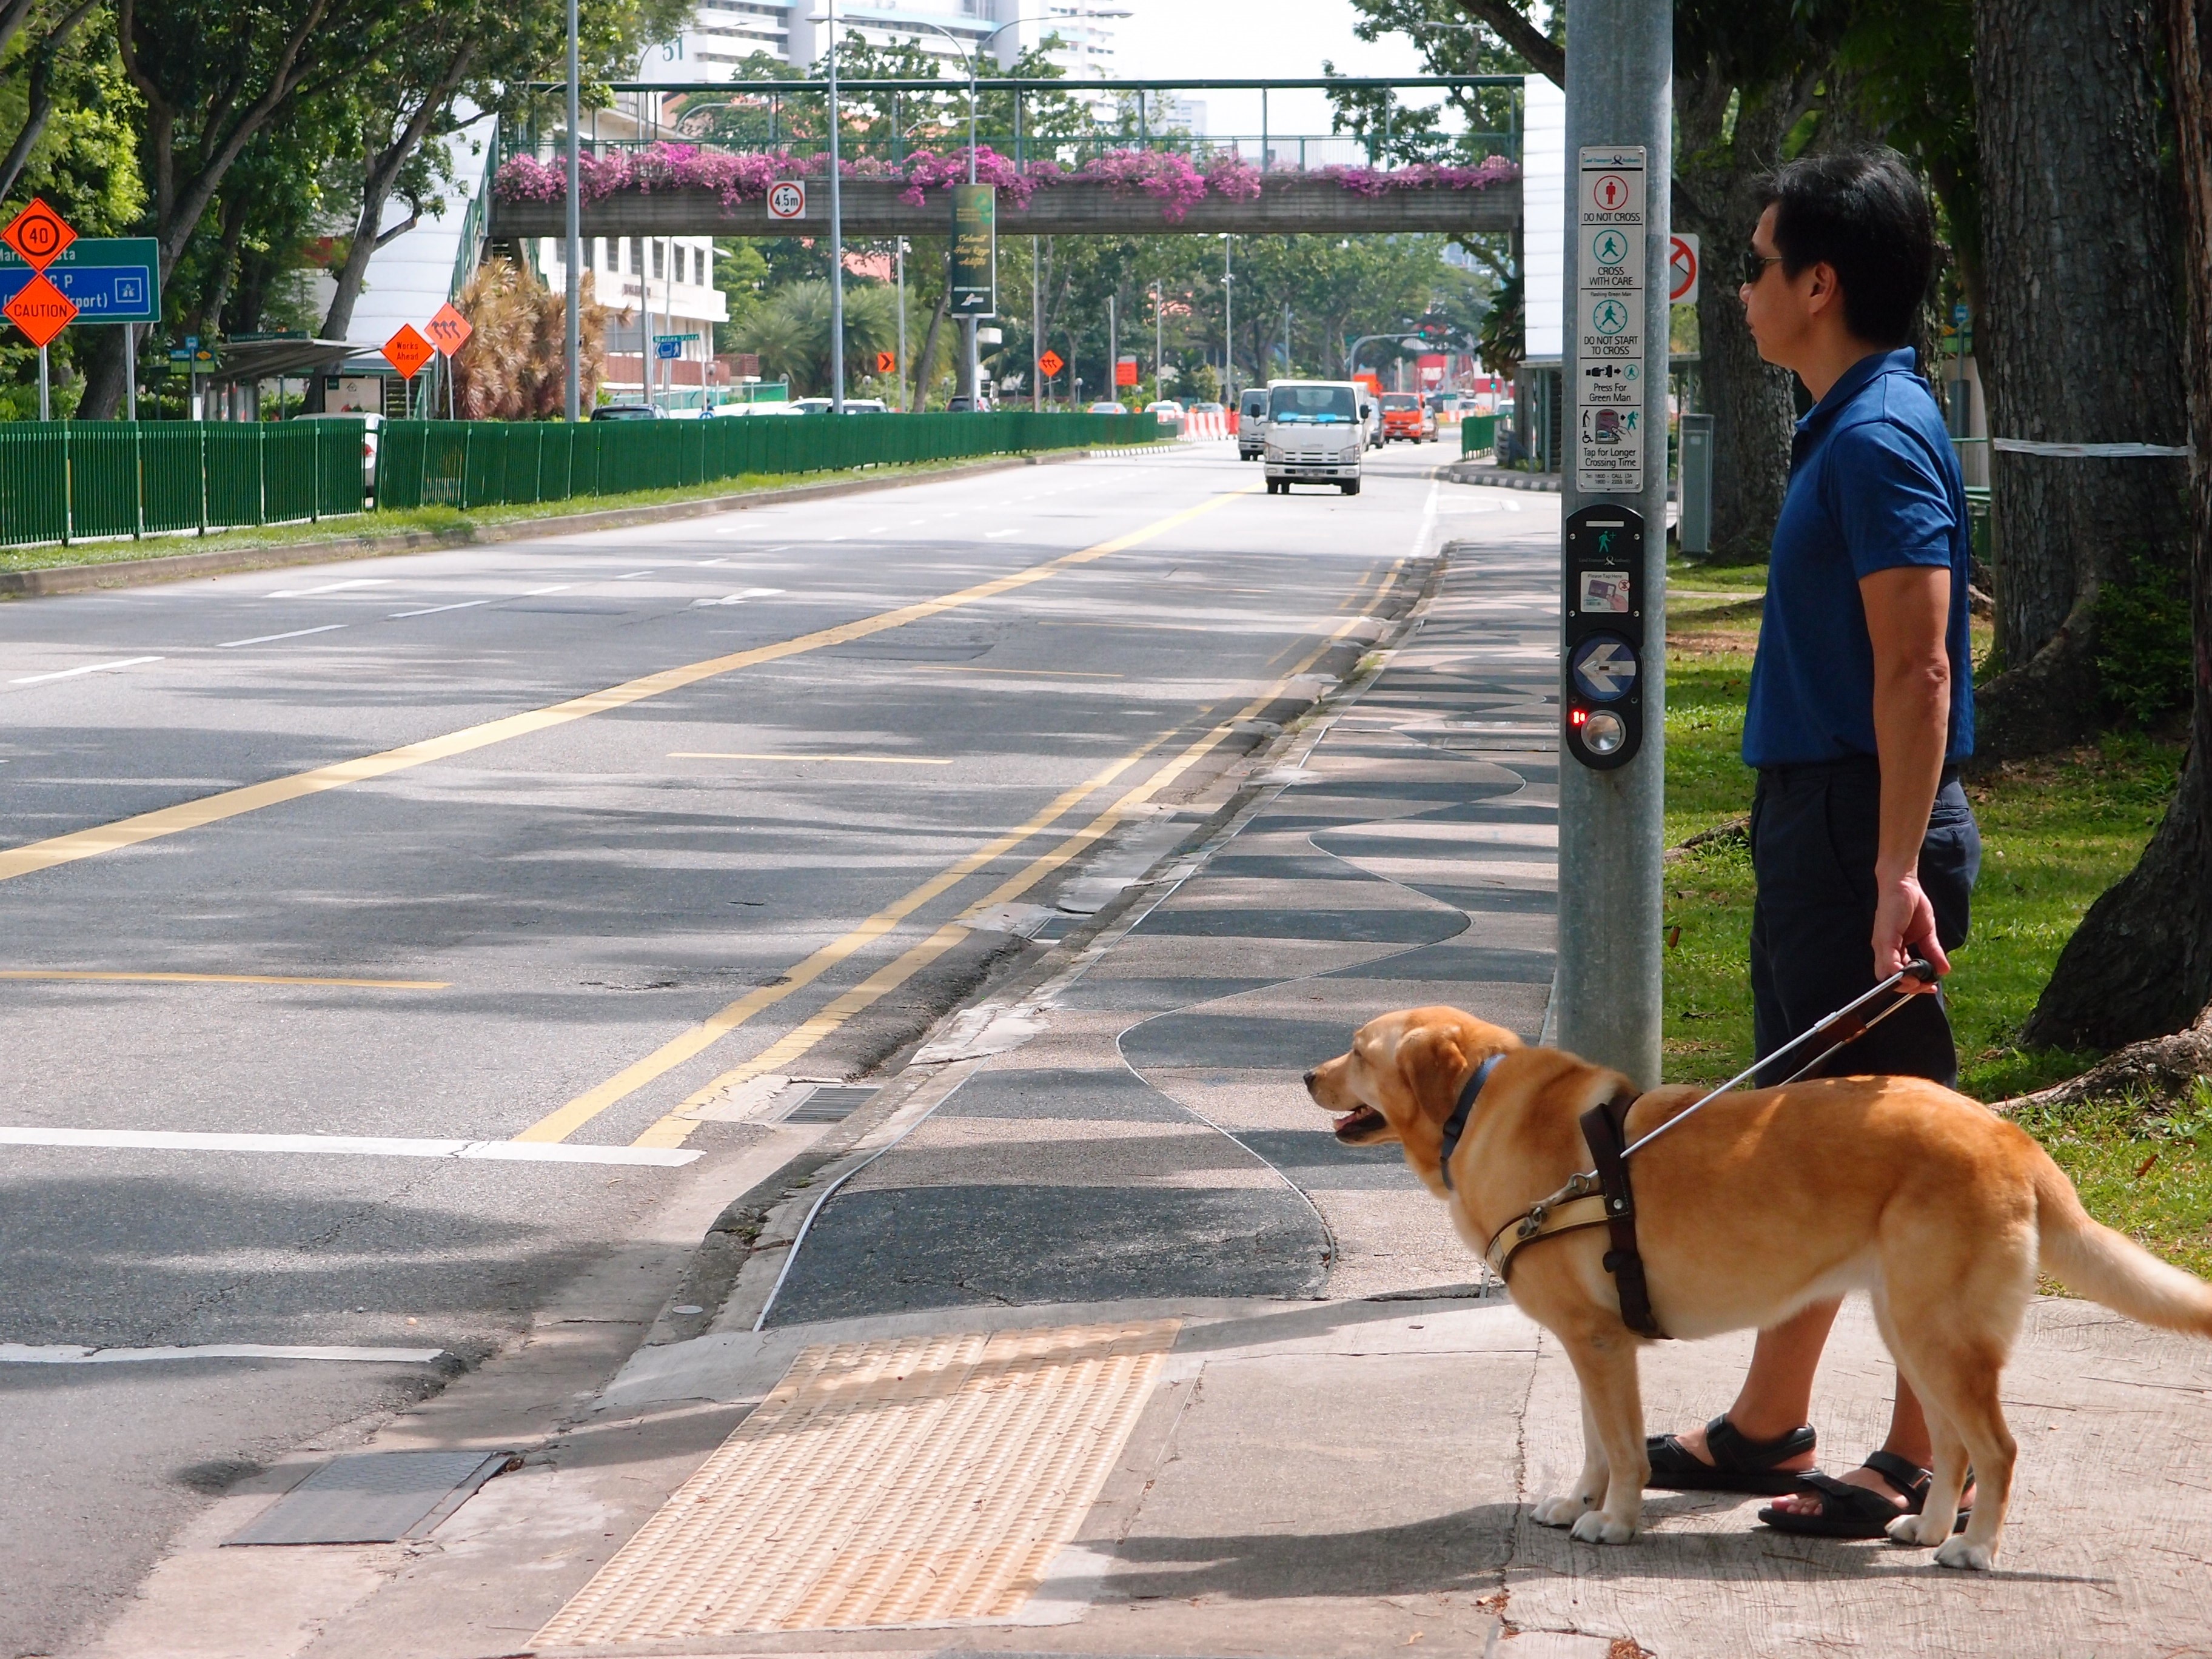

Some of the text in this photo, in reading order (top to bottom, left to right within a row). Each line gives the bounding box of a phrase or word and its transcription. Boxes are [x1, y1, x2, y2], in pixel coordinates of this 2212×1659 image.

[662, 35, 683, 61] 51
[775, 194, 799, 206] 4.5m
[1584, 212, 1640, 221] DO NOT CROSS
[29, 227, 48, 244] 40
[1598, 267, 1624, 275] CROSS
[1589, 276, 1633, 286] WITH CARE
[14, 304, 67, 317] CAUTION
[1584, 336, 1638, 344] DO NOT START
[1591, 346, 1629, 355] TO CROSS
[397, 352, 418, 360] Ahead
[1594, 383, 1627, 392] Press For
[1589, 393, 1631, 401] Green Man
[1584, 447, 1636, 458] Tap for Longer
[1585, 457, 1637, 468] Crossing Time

--*--

-- TO DO --
Could you reproduce all of the material exactly? Keep the pictures out of it.

-- SOLUTION --
Some of the text in this photo, in reading order (top to bottom, left to right within a row). Each line gives the bounding box of a phrase or word and its transcription. Boxes are [x1, y1, x2, y2], in pixel coordinates of this 2212×1659 image.

[662, 35, 683, 61] 51
[775, 194, 799, 206] 4.5m
[1584, 212, 1640, 221] DO NOT CROSS
[29, 227, 48, 244] 40
[1598, 267, 1624, 275] CROSS
[1589, 276, 1633, 286] WITH CARE
[14, 304, 67, 317] CAUTION
[1584, 336, 1638, 344] DO NOT START
[1591, 346, 1629, 355] TO CROSS
[397, 352, 418, 360] Ahead
[1594, 383, 1627, 392] Press For
[1589, 393, 1631, 401] Green Man
[1584, 447, 1636, 458] Tap for Longer
[1585, 457, 1637, 468] Crossing Time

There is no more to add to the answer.